What the task requires:
Line by line, copy the data below exactly.
Data for this exercise Start Marker
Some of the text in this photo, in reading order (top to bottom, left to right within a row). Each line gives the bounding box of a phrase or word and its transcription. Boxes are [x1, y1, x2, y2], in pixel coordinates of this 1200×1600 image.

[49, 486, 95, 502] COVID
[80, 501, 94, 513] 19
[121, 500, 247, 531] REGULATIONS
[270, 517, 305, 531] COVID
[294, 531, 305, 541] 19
Data for this exercise End Marker
Exercise response:
Some of the text in this photo, in reading order (top to bottom, left to right within a row). Each line gives the bounding box of a phrase or word and its transcription. Boxes are [x1, y1, x2, y2], in pixel coordinates of this 1200×1600 image.

[49, 486, 95, 502] COVID
[80, 501, 94, 513] 19
[121, 500, 247, 531] REGULATIONS
[270, 517, 305, 531] COVID
[294, 531, 305, 541] 19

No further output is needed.